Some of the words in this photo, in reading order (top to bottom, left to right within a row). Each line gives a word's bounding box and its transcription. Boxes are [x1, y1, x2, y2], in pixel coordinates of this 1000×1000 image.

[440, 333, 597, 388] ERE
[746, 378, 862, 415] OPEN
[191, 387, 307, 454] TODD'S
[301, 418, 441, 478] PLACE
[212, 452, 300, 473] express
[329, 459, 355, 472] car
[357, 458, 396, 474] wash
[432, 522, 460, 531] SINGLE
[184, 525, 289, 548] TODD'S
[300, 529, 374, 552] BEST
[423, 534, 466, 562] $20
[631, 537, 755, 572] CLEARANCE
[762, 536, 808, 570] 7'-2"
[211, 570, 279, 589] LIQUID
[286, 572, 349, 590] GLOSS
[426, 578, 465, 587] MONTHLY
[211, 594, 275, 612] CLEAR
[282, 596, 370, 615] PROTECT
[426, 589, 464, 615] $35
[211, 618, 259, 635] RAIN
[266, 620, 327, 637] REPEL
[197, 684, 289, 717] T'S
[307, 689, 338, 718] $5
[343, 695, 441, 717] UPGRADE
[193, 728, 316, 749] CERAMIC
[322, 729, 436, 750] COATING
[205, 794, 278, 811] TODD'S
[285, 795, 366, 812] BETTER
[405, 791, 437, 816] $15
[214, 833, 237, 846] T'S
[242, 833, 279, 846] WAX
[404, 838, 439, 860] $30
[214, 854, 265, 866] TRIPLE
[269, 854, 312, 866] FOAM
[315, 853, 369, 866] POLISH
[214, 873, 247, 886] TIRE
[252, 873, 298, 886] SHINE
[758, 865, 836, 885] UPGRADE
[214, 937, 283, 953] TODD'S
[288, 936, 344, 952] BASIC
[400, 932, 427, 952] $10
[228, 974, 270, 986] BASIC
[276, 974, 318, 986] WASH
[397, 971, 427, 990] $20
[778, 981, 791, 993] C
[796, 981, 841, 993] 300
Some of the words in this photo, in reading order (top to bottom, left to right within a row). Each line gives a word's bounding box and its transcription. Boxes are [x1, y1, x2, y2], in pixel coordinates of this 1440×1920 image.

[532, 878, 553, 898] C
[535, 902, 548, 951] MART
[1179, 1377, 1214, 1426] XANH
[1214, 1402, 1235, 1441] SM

### WORK INSTRUCTIONS:
Start from the line that holds "this 1440×1920 image." and print each line to the end of the records exactly, leaving out everything before it.

### ANSWER:
Some of the words in this photo, in reading order (top to bottom, left to right within a row). Each line gives a word's bounding box and its transcription. Boxes are [x1, y1, x2, y2], in pixel coordinates of this 1440×1920 image.

[532, 878, 553, 898] C
[535, 902, 548, 951] MART
[1179, 1377, 1214, 1426] XANH
[1214, 1402, 1235, 1441] SM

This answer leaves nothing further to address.